We're a few days late to this story, but it's astounding stuff. Shot (via the US Bureau of Justice):
Firearm-related homicides declined 39 percent and nonfatal firearm crimes declined 69 percent from 1993 to 2011, the Justice Department’s Bureau of Justice Statistics (BJS) announced today. Firearm-related homicides dropped from 18,253 homicides in 1993 to 11,101 in 2011, and nonfatal firearm crimes dropped from 1.5 million victimizations in 1993 to 467,300 in 2011. The number of firearm homicides declined from 1993 to 1999, rose through 2006 and then declined through 2011…In 2004 (the most recent year of data available), among state prison inmates who possessed a gun at the time of the offense, fewer than two percent bought their firearm at a flea market or gun show. About 10 percent of state prison inmates said they purchased it from a retail store or pawnshop, 37 percent obtained it from family or friends, and another 40 percent obtained it from an illegal source.
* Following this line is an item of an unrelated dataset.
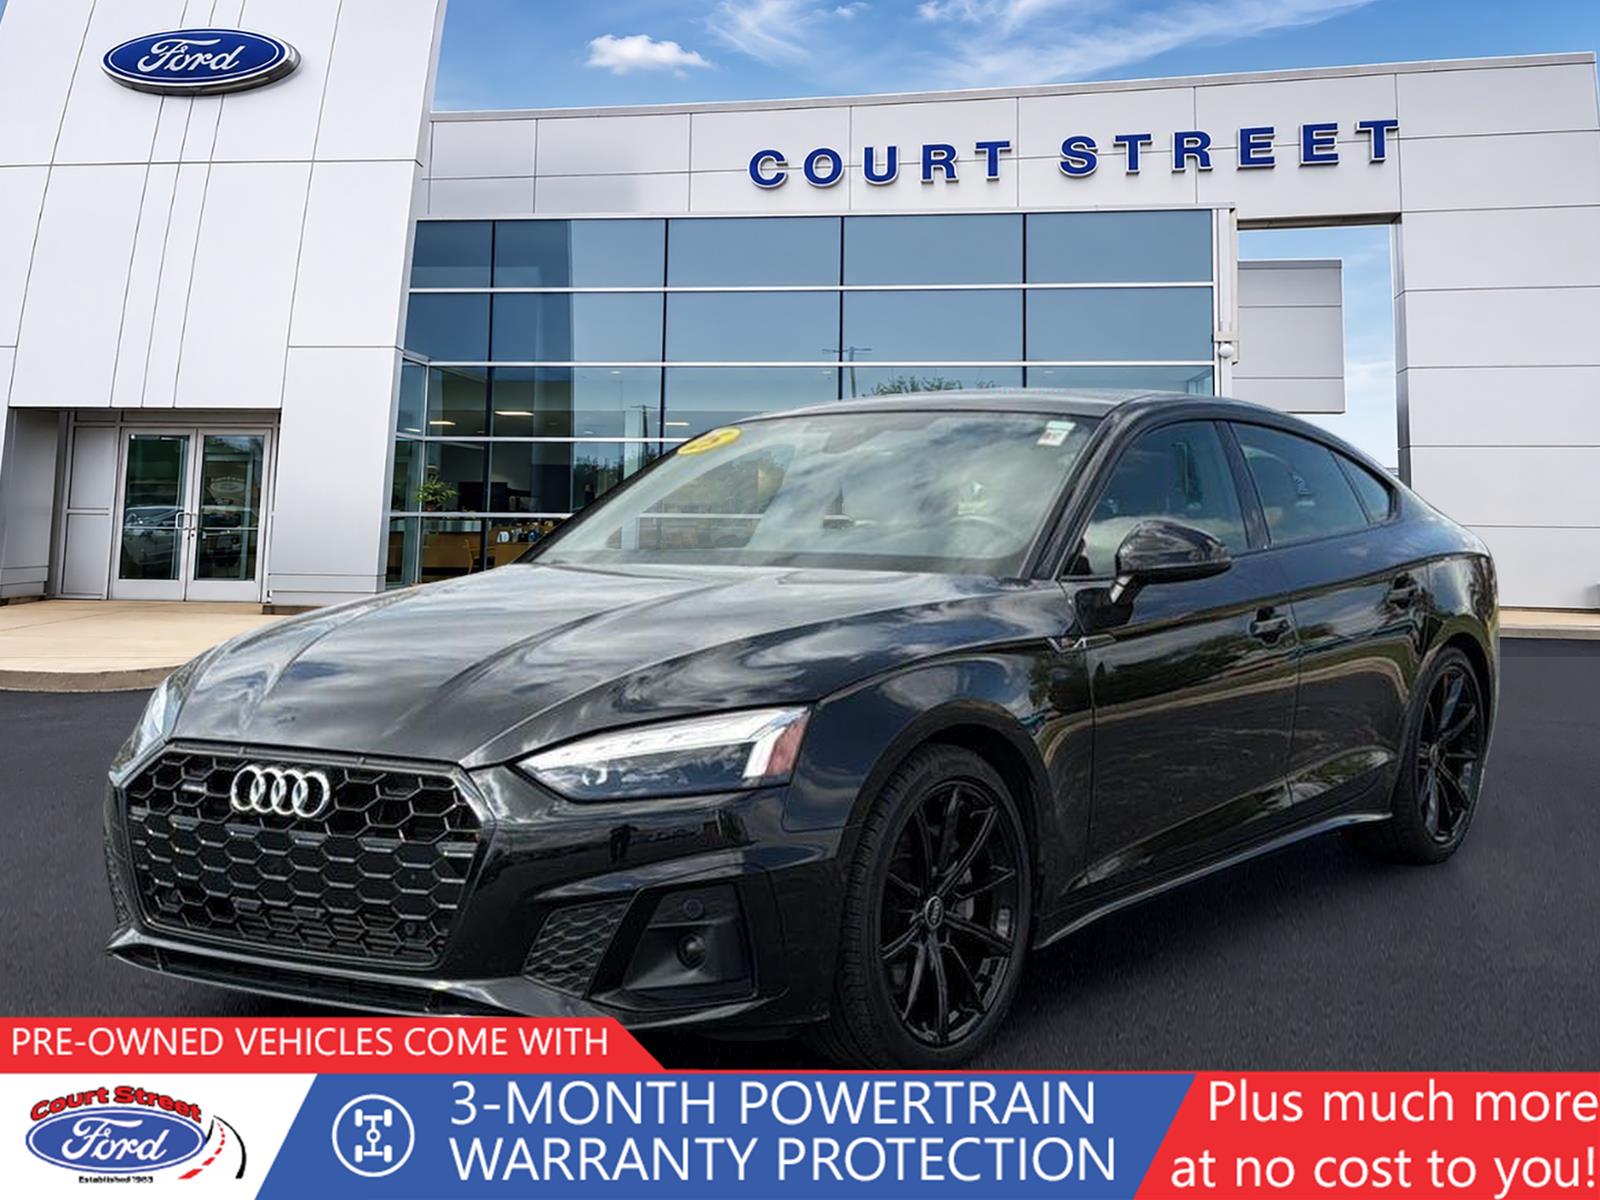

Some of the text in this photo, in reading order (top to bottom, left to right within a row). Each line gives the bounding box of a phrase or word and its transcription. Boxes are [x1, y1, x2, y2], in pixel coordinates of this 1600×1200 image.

[137, 38, 246, 72] Ford
[748, 119, 1399, 188] COURT STREET
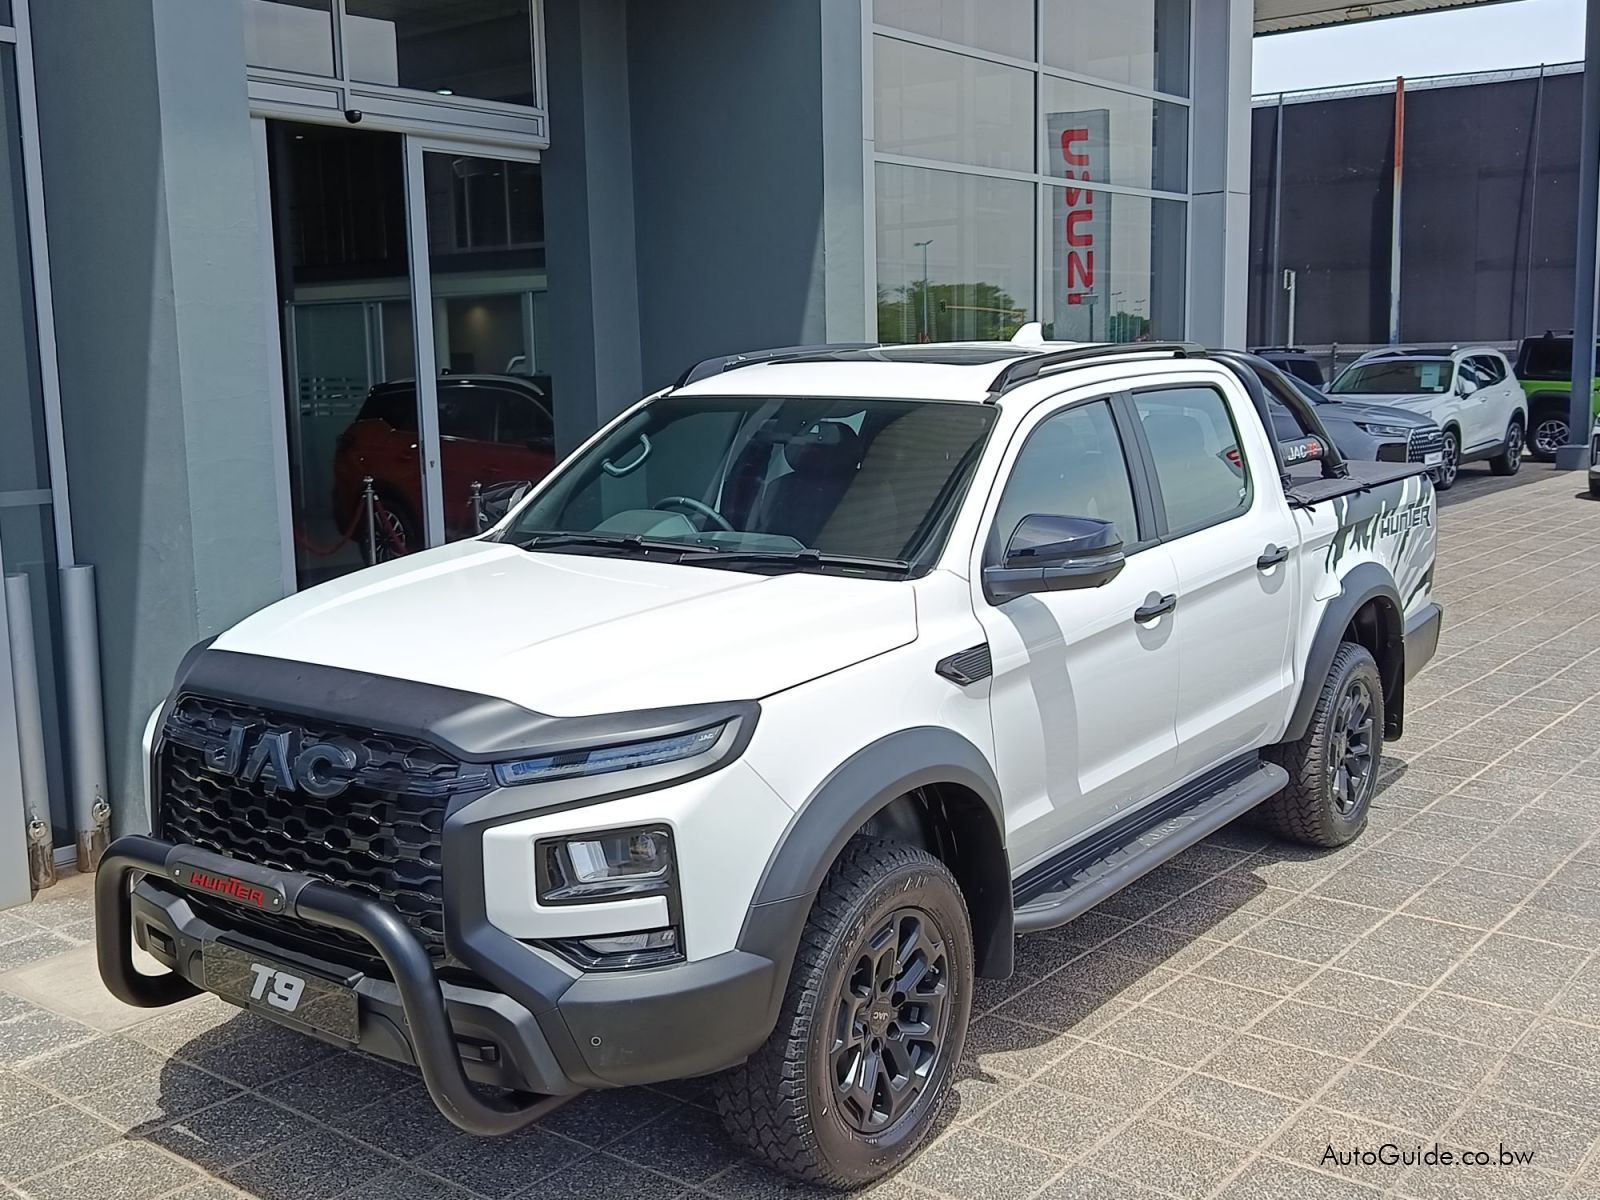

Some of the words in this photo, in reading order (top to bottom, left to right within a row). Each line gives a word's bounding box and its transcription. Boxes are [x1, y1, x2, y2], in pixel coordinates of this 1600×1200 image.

The federal assault weapons ban expired in 2004, after which point gun crime and murders continued their sharp downward trajectories. Weird, right? Allahpundit underscores that second bolded statistic, which demonstrates that Democrats' obsessions with gun shows is driven more by emotion than empirical data. In any case, gun crime is way, way down over the last 20 years. So say the official government numbers from the Obama Justice Department. But what about Newtown and Virginia Tech? The numbers show that school shootings are down by 33 percent over the same time period. Which brings us to the chaser (via Pew Research):
Despite national attention to the issue of firearm violence, most Americans are unaware that gun crime is lower today than it was two decades ago. According to a new Pew Research Center survey, today 56% of Americans believe gun crime is higher than 20 years ago and only 12% think it is lower.
Why, it's almost as if media coverage and the presidential bully pulpit are spreading propaganda, leading a significant majority of the public to draw exactly wrong conclusions about firearm violence trends. Interestingly, despite 56 percent of Americans mistakenly assuming gun crime is up since the early 1990's, the number of Americans who support banning handguns is at an all-time low according to Gallup.